For just over two years, beoutQ has been operating the single most extensive, most comprehensive and audacious pirate broadcast operation in the history of modern media.

When Saudi Arabia, the UAE, Bahrain and Egypt began a political blockade of Qatar in June 2017, Qatari broadcaster beIN SPORTS was prevented from operating in Saudi Arabia, credit card payments were blocked, criminal sanctions were threatened against any distributors, and its set top boxes were confiscated across the kingdom.

BeIN, one of the largest sports media spenders in the world – with some $15 billion tied up in rights fees, and further billions invested in infrastructure and production – suddenly found the largest of the 24 markets across the Middle East and North Africa it has steadily been amassing exclusive rights in removed from its books. Not only that, but within weeks a pirate service had sprung up in its place, taking beIN content wholesale, and rebroadcasting it, rebadged under the beoutQ name, across Saudi Arabia and the region.

Starting as a ‘standard’ pirate streaming service, by October 2017 beoutQ was transmitting ten live HD channels, curated largely from beIN content, via satellite across the region, selling beoutQ-branded boxes, beoutQ annual subscriptions, publishing a rate card for ads to be inserted into its programming, and setting itself up as a legitimate-looking broadcaster.

The story of beoutQ has certainly helped to change attitudes. And, as it continues, it will certainly help to shift more. Even in an age of advanced internet piracy, beoutQ has proved unique and uniquely challenging. It is sophisticated; it is brazen; and there are very few recourses to shut it down.

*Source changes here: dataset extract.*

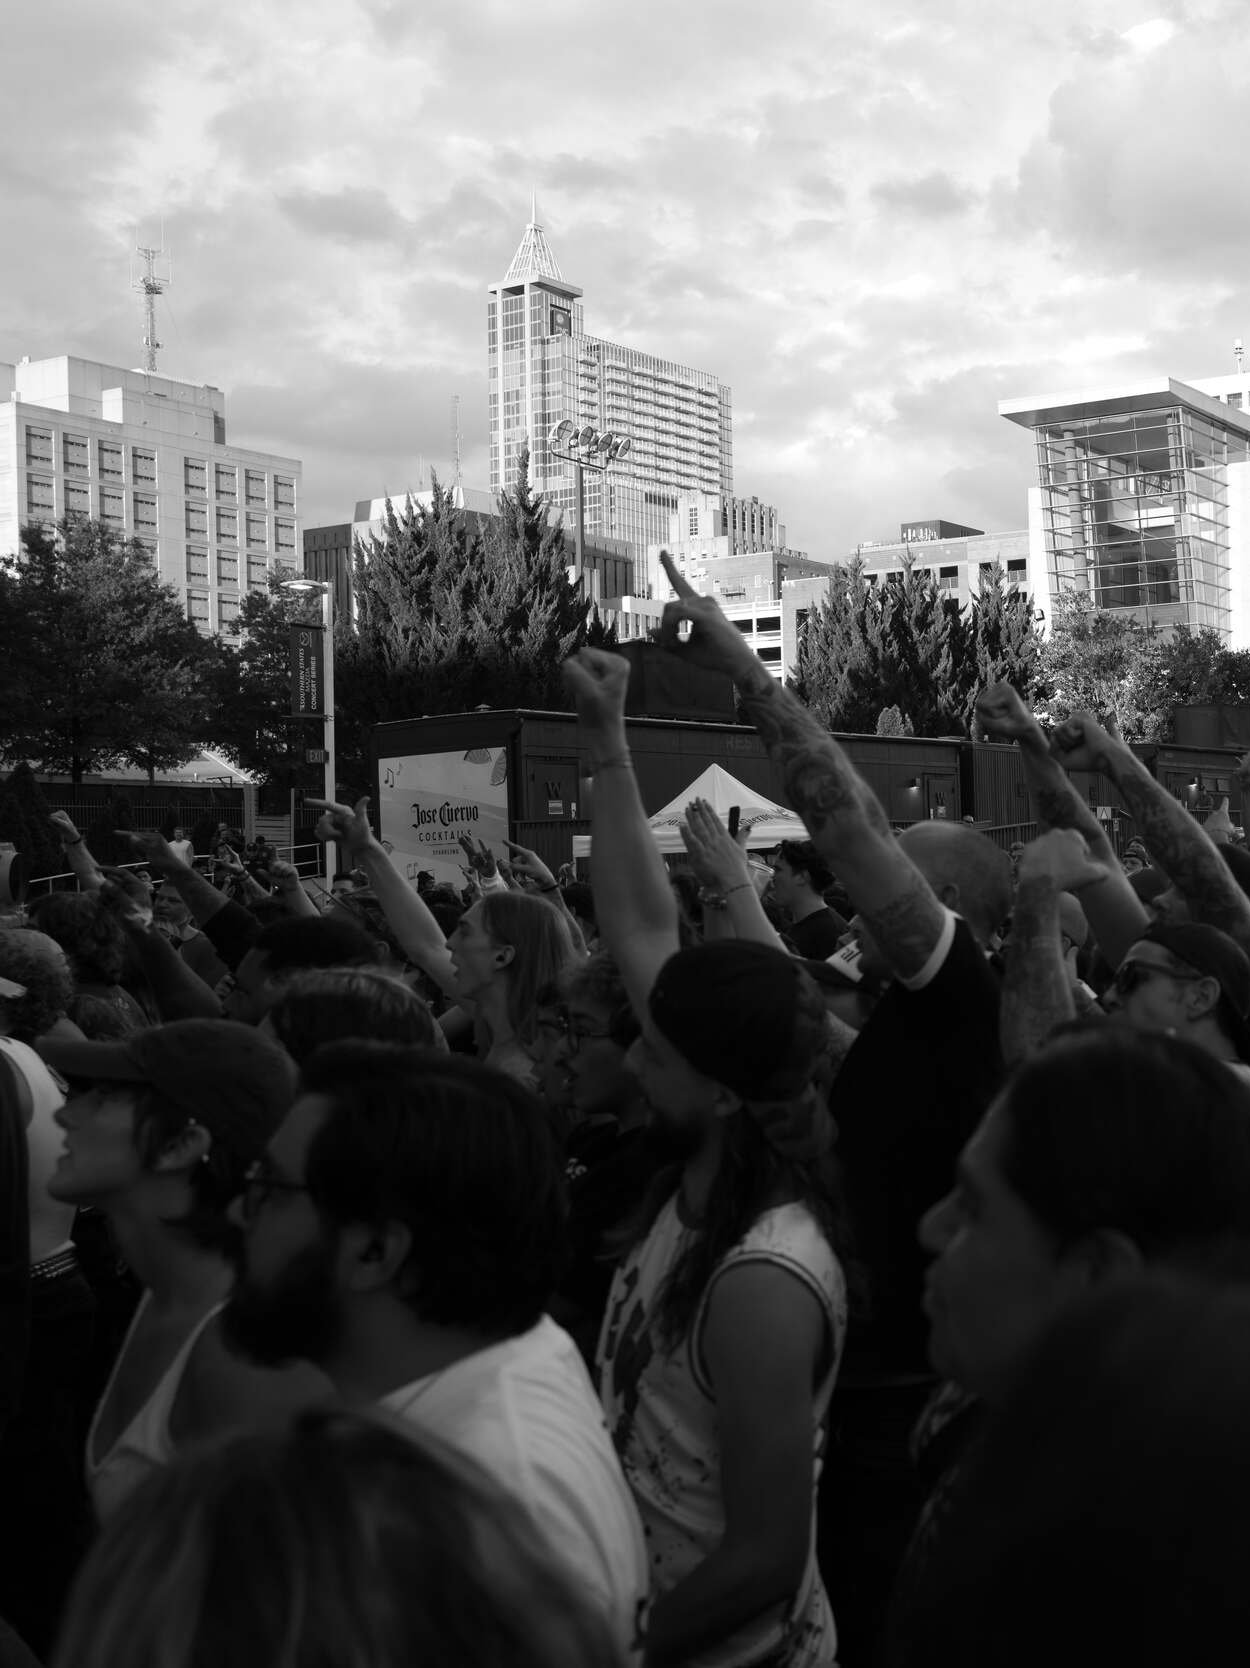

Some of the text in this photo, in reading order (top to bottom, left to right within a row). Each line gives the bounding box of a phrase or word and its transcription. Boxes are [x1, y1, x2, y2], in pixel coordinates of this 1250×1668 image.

[310, 750, 325, 762] EXIT
[410, 801, 479, 829] Jose Cuervo

This report is an analysis of the unprecedented beoutQ piracy, and a case study on the unprecedented tri-pronged action taken to combat it to date – action split along technological, legal, and political lines. Multiple senior stakeholders – from rights holders, broadcasters, government entities, and legal and technical service providers – have been interviewed but many on the condition of anonymity, a measure of the sensitivity and nervousness around this case.

 

 

This report has been written with the support of beIN MEDIA GROUP.